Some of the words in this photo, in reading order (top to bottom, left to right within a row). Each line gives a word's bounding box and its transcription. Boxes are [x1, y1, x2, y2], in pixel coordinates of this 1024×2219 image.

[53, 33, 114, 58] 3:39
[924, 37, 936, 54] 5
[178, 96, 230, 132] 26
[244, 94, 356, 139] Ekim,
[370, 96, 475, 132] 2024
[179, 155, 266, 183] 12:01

» Problem to solve:
In full and word for word, output the entries.

» Solution for this problem:
Some of the words in this photo, in reading order (top to bottom, left to right within a row). Each line gives a word's bounding box and its transcription. Boxes are [x1, y1, x2, y2], in pixel coordinates of this 1024×2219 image.

[53, 33, 114, 58] 3:39
[924, 37, 936, 54] 5
[178, 96, 230, 132] 26
[244, 94, 356, 139] Ekim,
[370, 96, 475, 132] 2024
[179, 155, 266, 183] 12:01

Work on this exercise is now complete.